Fred Richards sees Flowery Branch's efforts to reduce his subdivision's financial burden over street lights as a "step in the right direction."
But he would like to see more.
"Our position is that, being taxpayers in the city, if the city is paying for street lights for some subdivisions, they should pay for all of them - if the subdivision has city streets - or pay for none of them," said Richards, treasurer of Madison Creek's homeowners association.
"It's just that everybody should be treated fairly."
The city is looking at crafting a street light ordinance to deal with the issue, one that officials have said would be designed to equally distribute the cost of street lights for all property owners on public roads.
The issue first came to City Council's attention late last year when Madison Creek residents said they were paying Georgia Power Co. $34.71 per month for each of the subdivision's 18 street lights when the city is paying for that same amenity for others.
Council members later agreed to ask Mayor Mike Miller to meet with representatives from Georgia Power and the homeowners group to see if an agreement about rates could be worked out.
Georgia Power ended up offering a 14 percent reduction on a portion of the bill, with the discount being about $3 per month per light, City Planner James Riker reported to council Feb. 3.
Madison Creek, which is off Jim Crow and McEver roads, got a much better deal when City Council voted at that meeting to draw up a contract calling for the city to take over the street lights and have the neighborhood pay to the city Georgia Power's governmental rate of about $15 per month.
The contract could come up for a vote at the council's next meeting, set for 6 p.m.

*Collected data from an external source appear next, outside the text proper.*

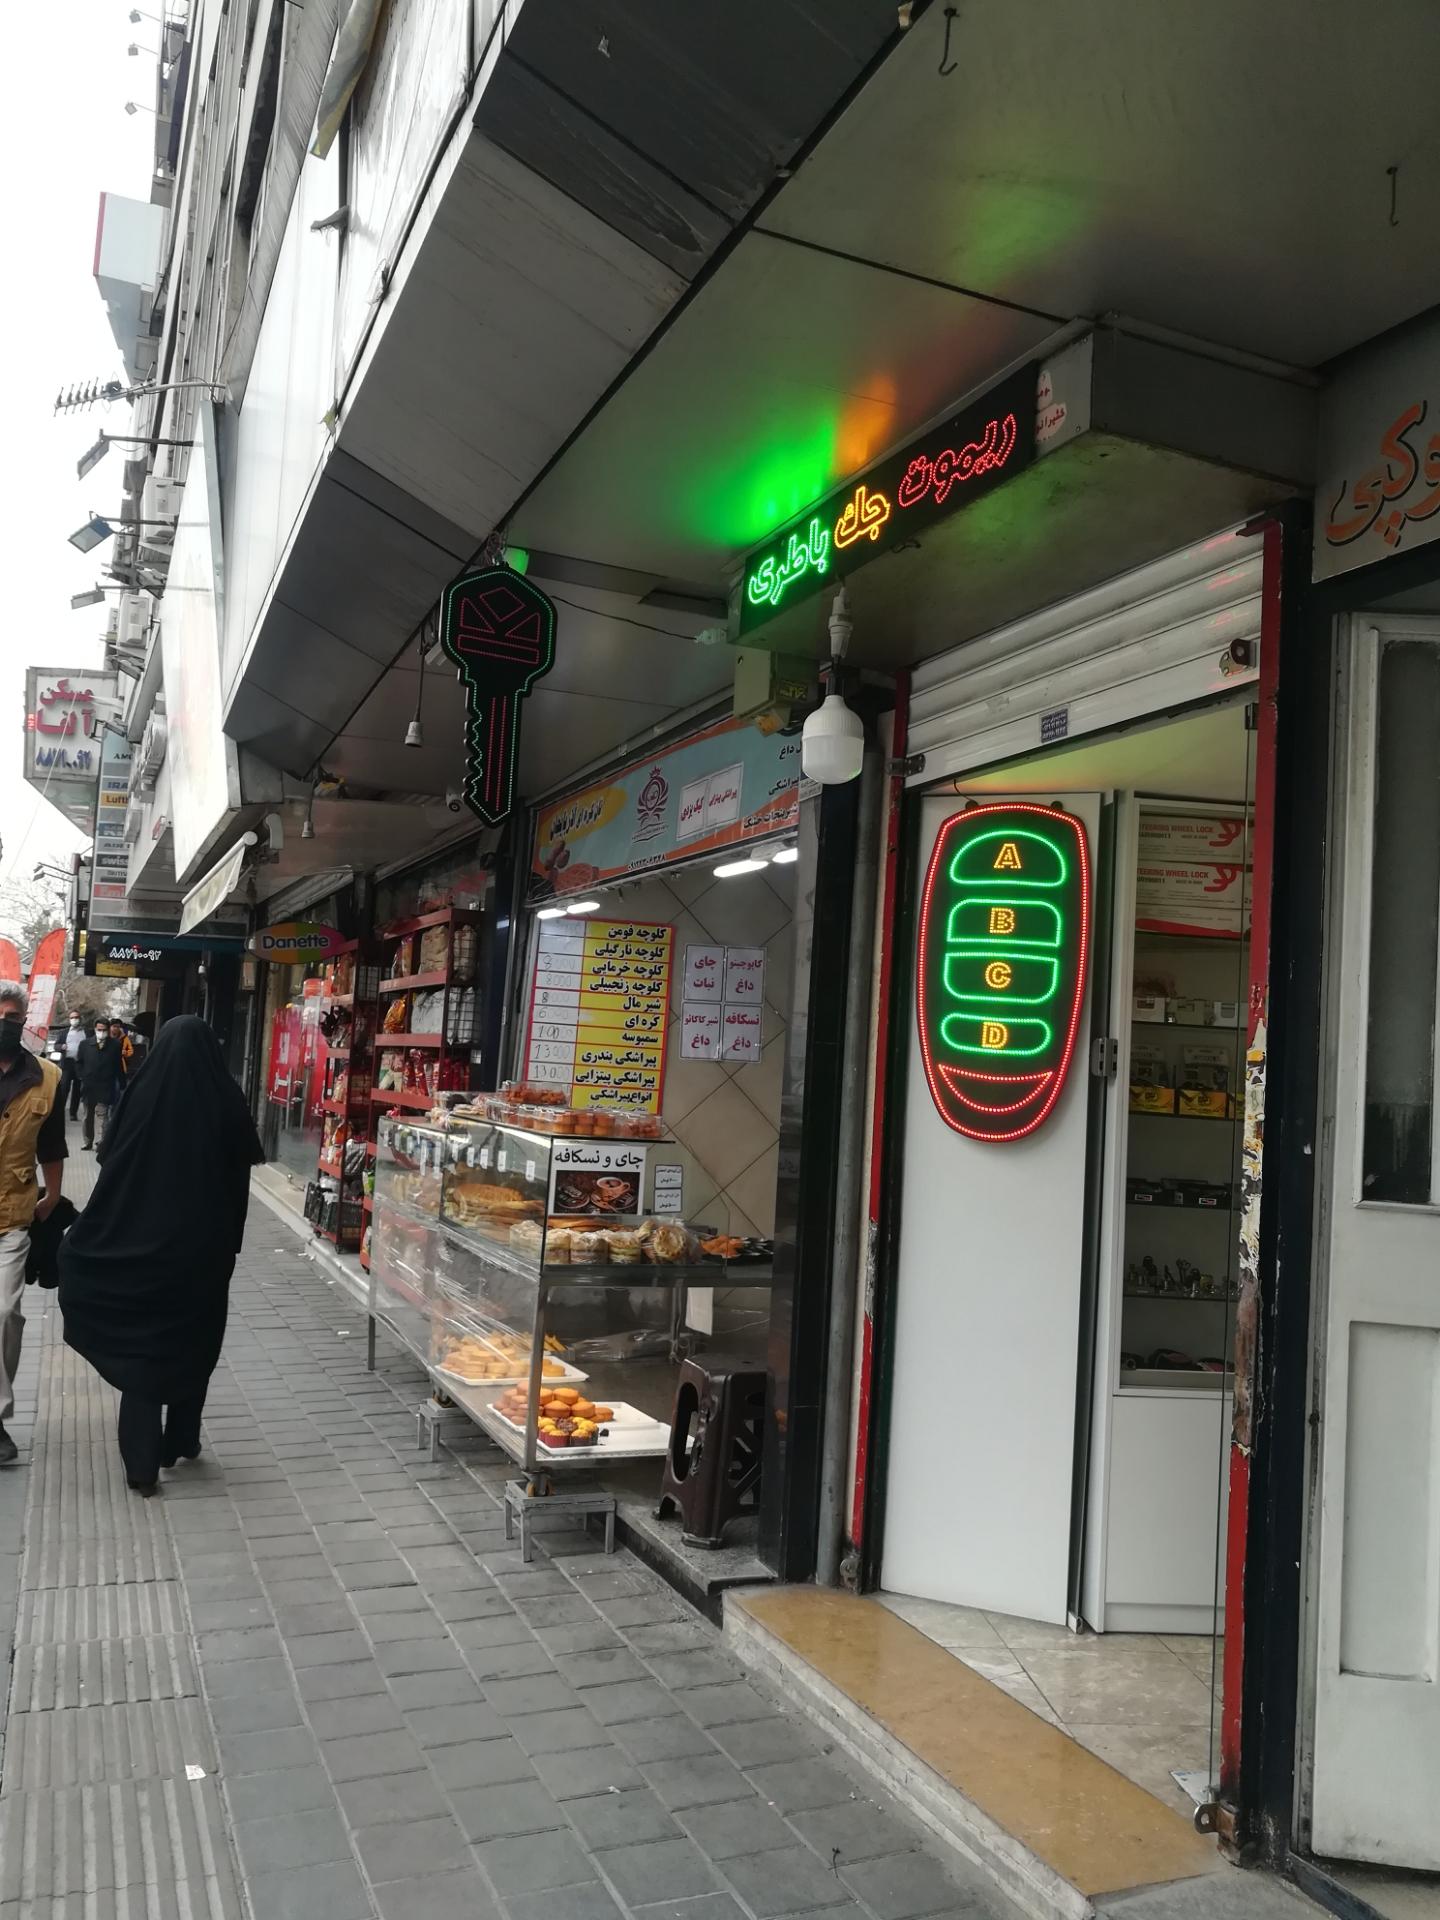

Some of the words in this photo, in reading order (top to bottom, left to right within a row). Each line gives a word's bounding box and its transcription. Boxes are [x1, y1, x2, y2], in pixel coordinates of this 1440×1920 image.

[899, 413, 1017, 508] ریموت
[748, 518, 829, 605] باطری
[36, 708, 96, 736] آلفا
[107, 782, 128, 790] IRA
[993, 843, 1022, 870] A
[1137, 867, 1164, 876] TEERING
[1166, 869, 1189, 877] WHEEL
[1191, 871, 1209, 879] LOCK
[989, 907, 1015, 934] B
[608, 925, 634, 939] فومن
[636, 928, 667, 942] کلوچه
[262, 935, 329, 950] Danette
[595, 942, 632, 959] نارگیلی
[634, 947, 665, 961] کلوچه
[592, 961, 631, 975] خرمایی
[633, 964, 664, 978] کلوچه
[984, 961, 1012, 988] C
[589, 977, 629, 993] زنجبیلی
[632, 981, 662, 995] کلوچه
[693, 977, 715, 991] نبات
[735, 979, 754, 994] داغ
[625, 1015, 639, 1028] ای
[641, 1015, 660, 1030] کره
[725, 1012, 760, 1025] نسکافه
[622, 1033, 659, 1046] سمبوسه
[691, 1033, 710, 1049] داغ
[981, 1021, 1008, 1049] D
[732, 1035, 751, 1051] داغ
[581, 1051, 613, 1064] بندری
[615, 1051, 657, 1068] پیراشکی
[575, 1069, 611, 1086] پیتزایی
[613, 1071, 655, 1088] پیراشکی
[554, 1147, 600, 1164] نسکافه
[602, 1156, 611, 1168] و
[615, 1152, 643, 1169] چای

Thursday at City Hall, 5517 Main St.
The city's electricity providers are Georgia Power, Jackson Electric Membership Corp. and Sawnee Electric Membership Corp.
Flowery Branch pays for 195 street lights, 26 of which are in Newberry Point and Portsmouth subdivisions, which don't have homeowners groups. Last year, the city's monthly street lighting bill was $2,552.

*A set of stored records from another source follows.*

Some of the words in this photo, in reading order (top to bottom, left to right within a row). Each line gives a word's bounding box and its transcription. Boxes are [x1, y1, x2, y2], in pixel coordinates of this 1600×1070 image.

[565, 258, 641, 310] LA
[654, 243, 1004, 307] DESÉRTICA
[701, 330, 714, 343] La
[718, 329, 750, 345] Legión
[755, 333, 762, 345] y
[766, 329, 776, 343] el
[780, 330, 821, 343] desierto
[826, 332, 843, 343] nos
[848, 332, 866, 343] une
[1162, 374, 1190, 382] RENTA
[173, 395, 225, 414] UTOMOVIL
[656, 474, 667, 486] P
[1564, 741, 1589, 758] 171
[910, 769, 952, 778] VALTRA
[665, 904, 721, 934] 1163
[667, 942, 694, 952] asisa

"The city historically has paid for street lights on public roads everywhere except for subdivisions where they have (a homeowners association)," Riker said. "In that case, the HOA historically has been responsible for those street lights."
One exception is Anagaluske subdivision, which is serviced by Sawnee.
"Those (street lights) are paid for by the individual property owners," Riker said.
City officials have said that in Madison Creek's case, Georgia Power and the developer had contracted to put the financial costs of the street lights onto the homeowners group. The contract had no pay-off date for the homeowners.
Richards noted that Madison Creek residents not only are paying for their street lights but are seeing part of their property taxes help subsidize lights for everyone else.
"That isn't really fair," he said.
Riker said the new ordinance "would be an attempt to address overall equity."
"For those subdivisions that pay for their own lights, they would not be part of it," he said. "If they are subdivisions with private roads who pay for their own lighting, they would not be part of it.
The ordinance would focus on "everyone who is served by a street light that is paid for by the city."
The street light ordinance could take a long time to put together. Riker said he expects city staff to give a progress report on the matter at City Council's March 11-12 retreat.
The city, as part of its research, could be looking at an overarching street light ordinance in Gwinnett County.
"We can't just draft something, have a resolution (before the council) and just all of a sudden have this show up on everyone's tax bill," Riker said.
"I'm not saying that's how it would show up - I'm just saying that's how Gwinnett County does it."